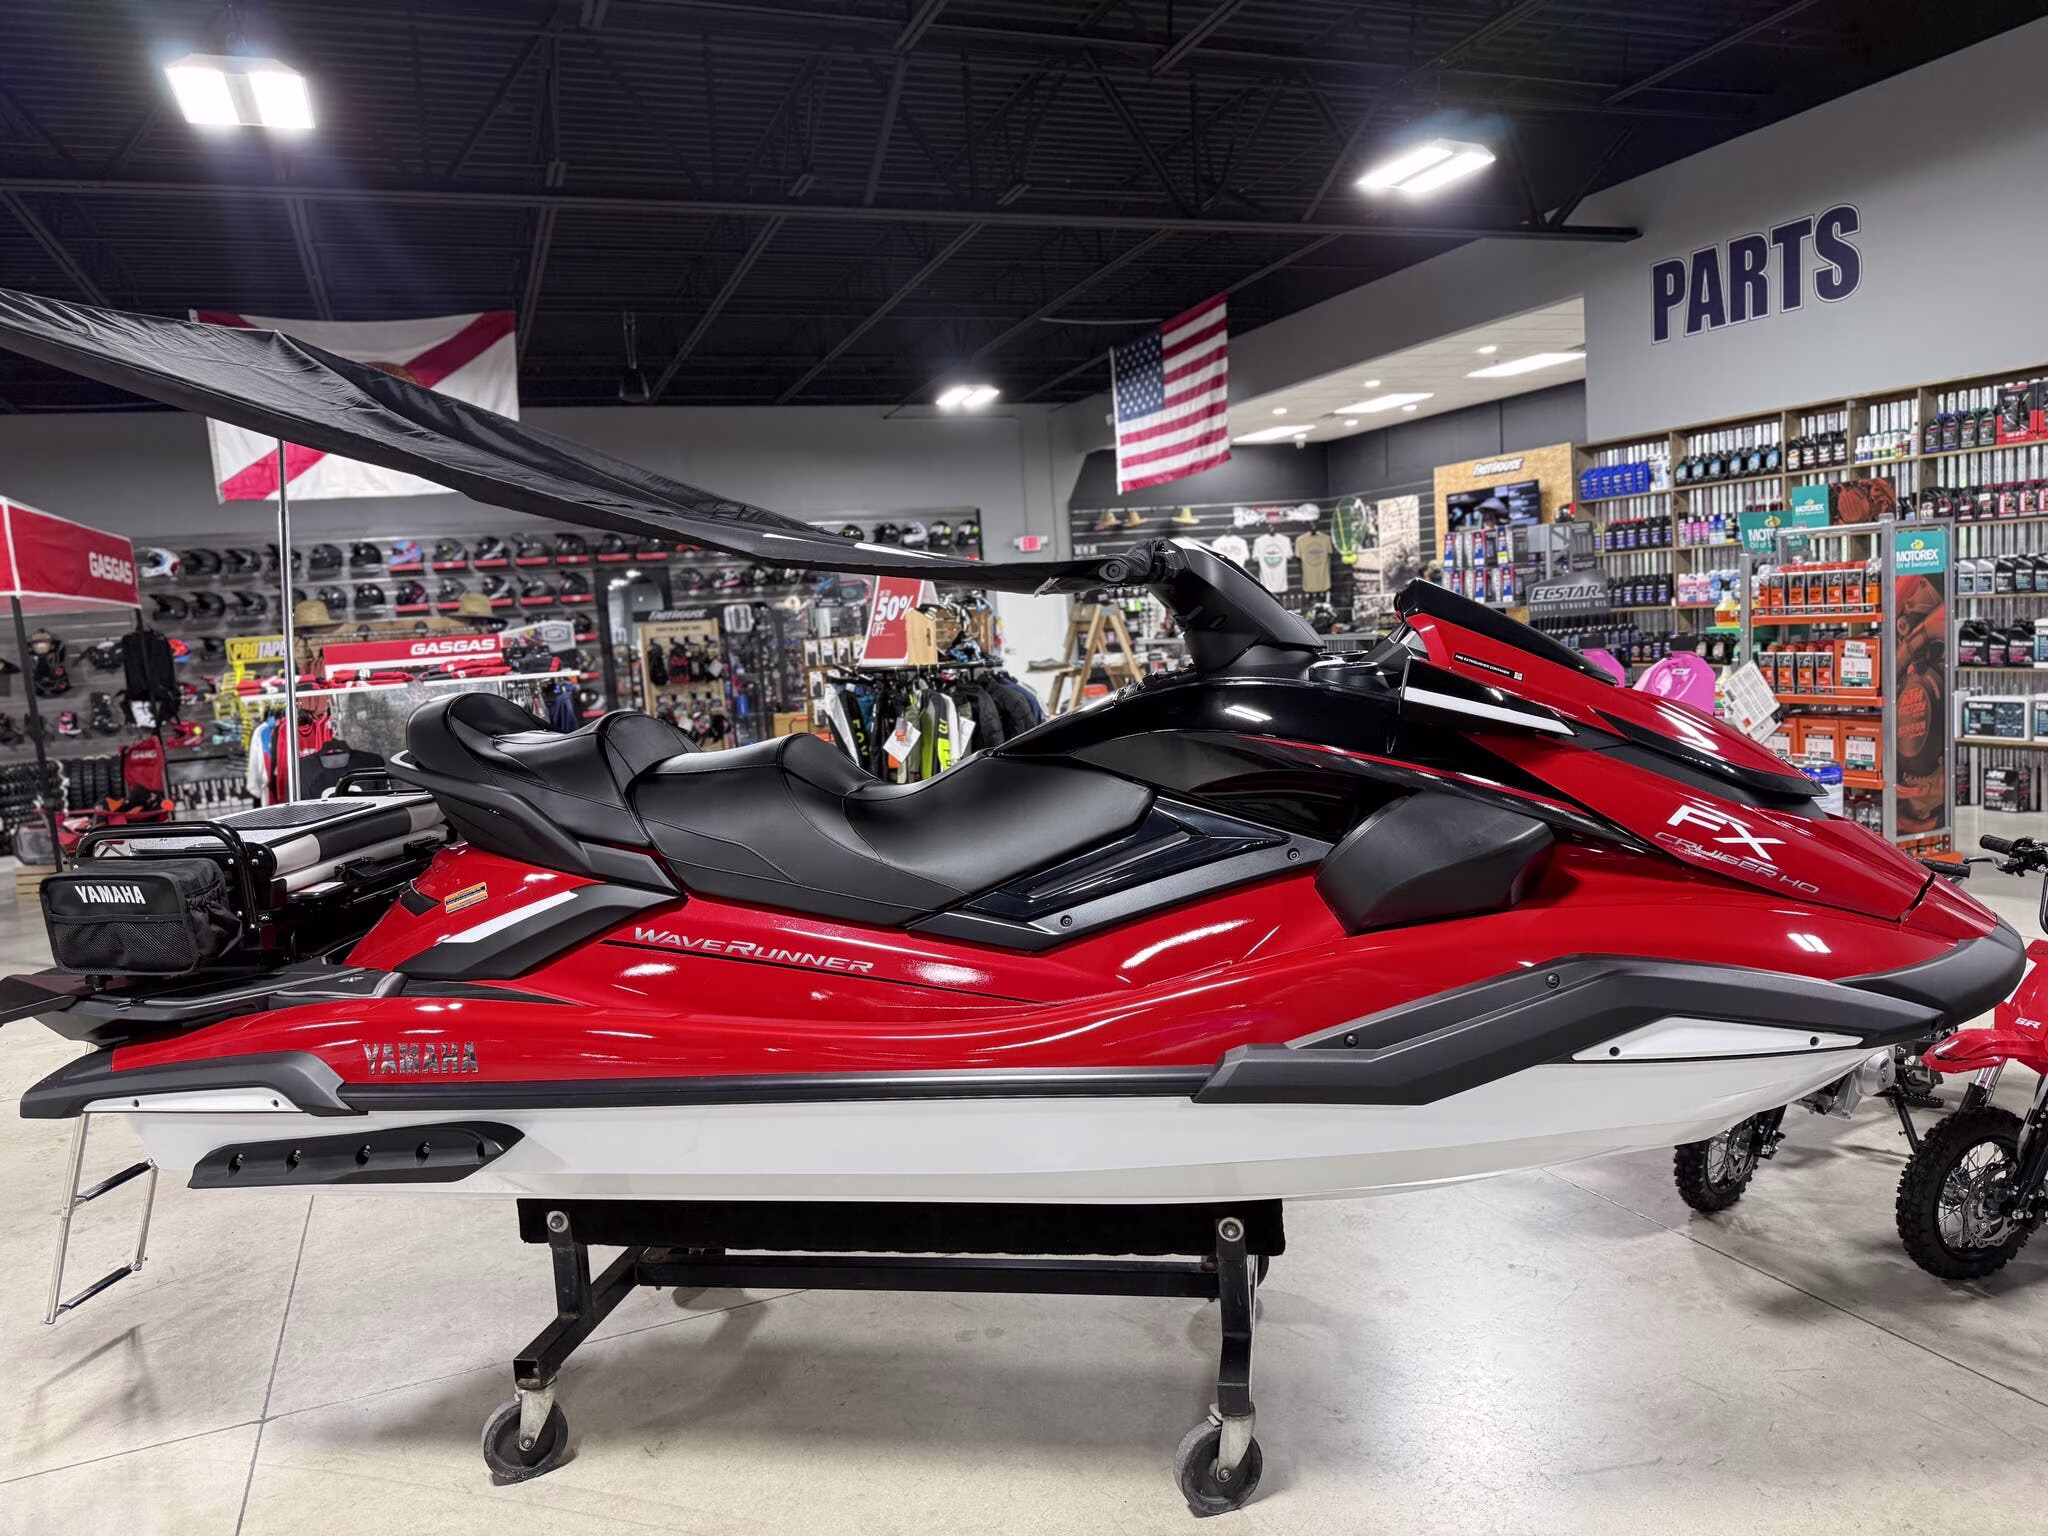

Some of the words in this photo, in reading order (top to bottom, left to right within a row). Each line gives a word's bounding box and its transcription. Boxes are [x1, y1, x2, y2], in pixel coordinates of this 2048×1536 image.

[1651, 204, 1862, 345] PARTS
[89, 551, 133, 585] GASGAS
[1896, 549, 1939, 562] MOTOREX
[1531, 583, 1601, 602] ECSTAR
[875, 595, 914, 621] 50%
[872, 621, 886, 637] OFF
[410, 638, 496, 656] GASGAS
[1667, 804, 1786, 861] FX
[1655, 832, 1778, 878] CRUISER
[1779, 875, 1820, 893] HO
[74, 885, 146, 904] YAMAHA
[362, 1041, 478, 1075] YAMAHA
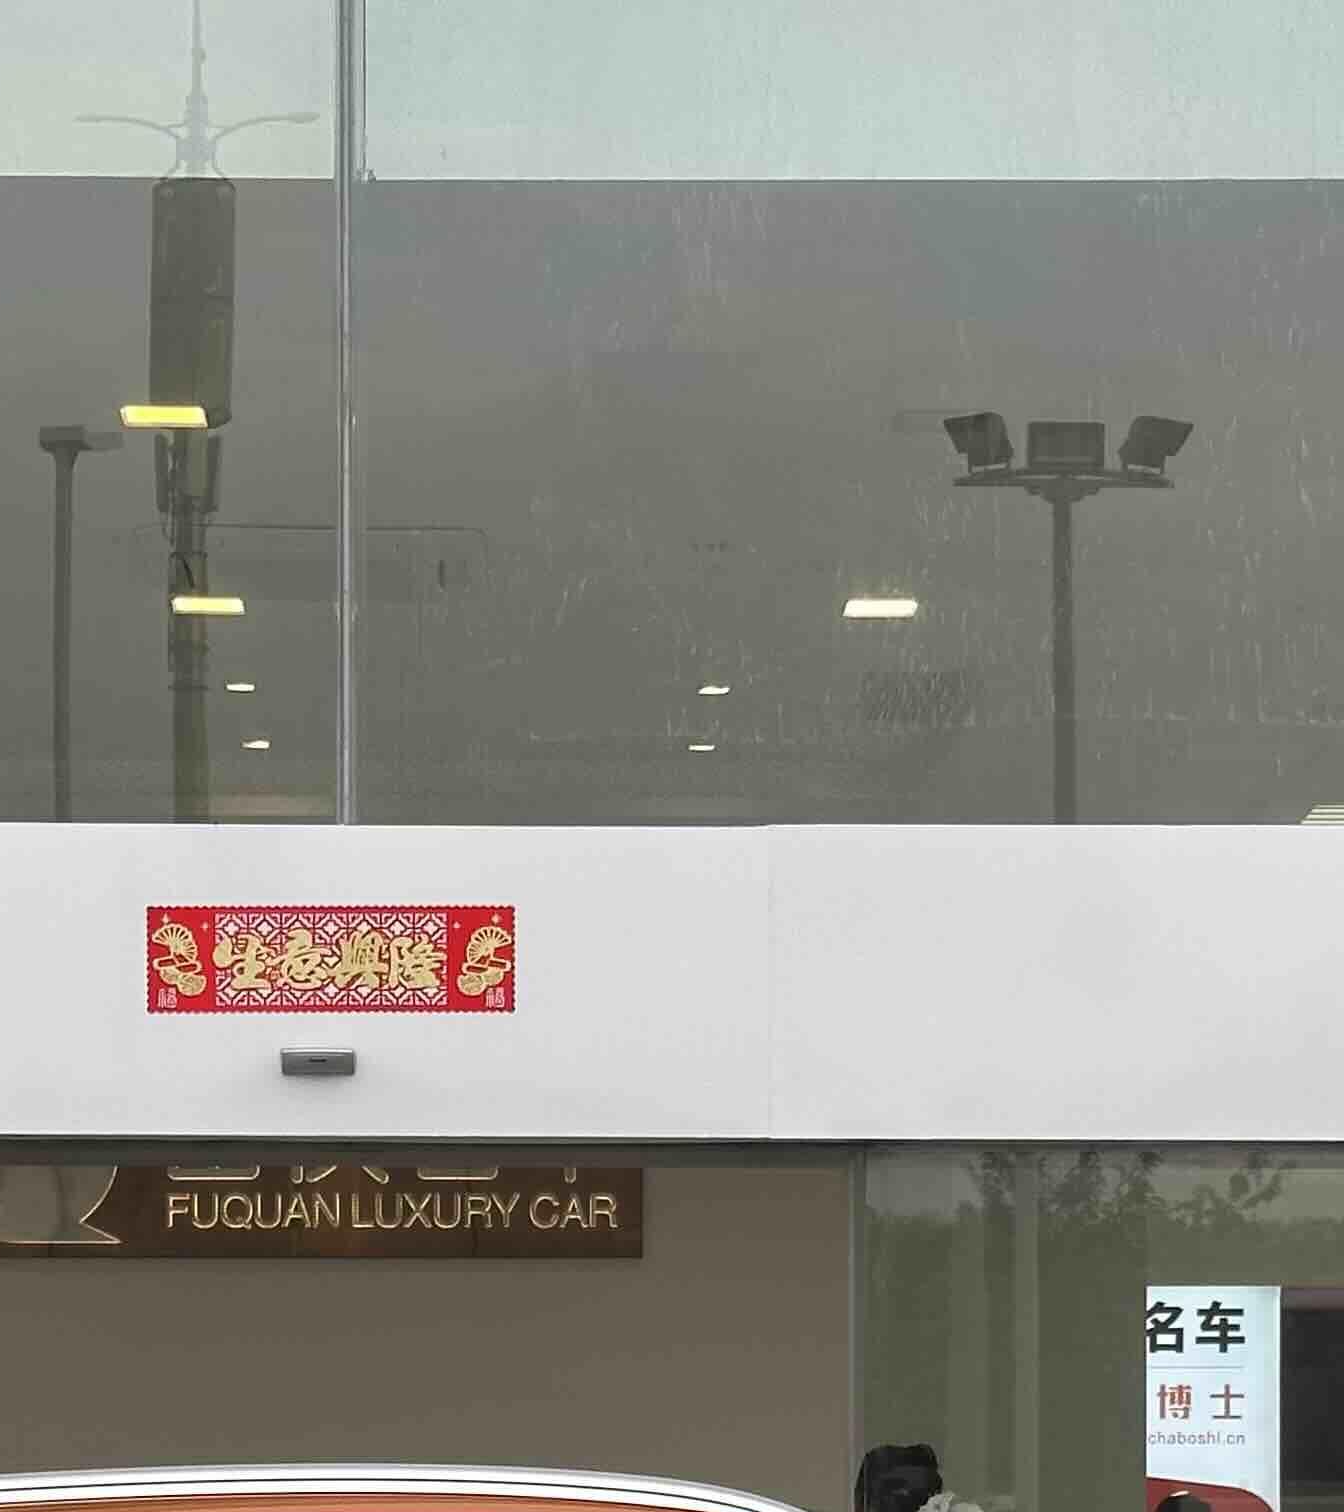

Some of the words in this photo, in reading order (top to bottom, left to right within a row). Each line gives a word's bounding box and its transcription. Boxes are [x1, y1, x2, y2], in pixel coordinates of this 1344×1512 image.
* * * * * * * * *
**Task requirements**
Every entry above has to be repeated exactly, apart from its pictures.

**Solution**
Some of the words in this photo, in reading order (top to bottom, left to right within a row). Each line gives a word's bounding box and its transcription. Boxes are [x1, y1, x2, y2], in pixel coordinates of this 2048×1536 image.

[1651, 204, 1862, 345] PARTS
[89, 551, 133, 585] GASGAS
[1896, 549, 1939, 562] MOTOREX
[1531, 583, 1601, 602] ECSTAR
[875, 595, 914, 621] 50%
[872, 621, 886, 637] OFF
[410, 638, 496, 656] GASGAS
[1667, 804, 1786, 861] FX
[1655, 832, 1778, 878] CRUISER
[1779, 875, 1820, 893] HO
[74, 885, 146, 904] YAMAHA
[362, 1041, 478, 1075] YAMAHA

Some of the words in this photo, in reading order (top to bottom, left to right within a row). Each line gives a word's bounding box and its transcription. Boxes are [x1, y1, x2, y2], in pixel coordinates of this 1344×1512 image.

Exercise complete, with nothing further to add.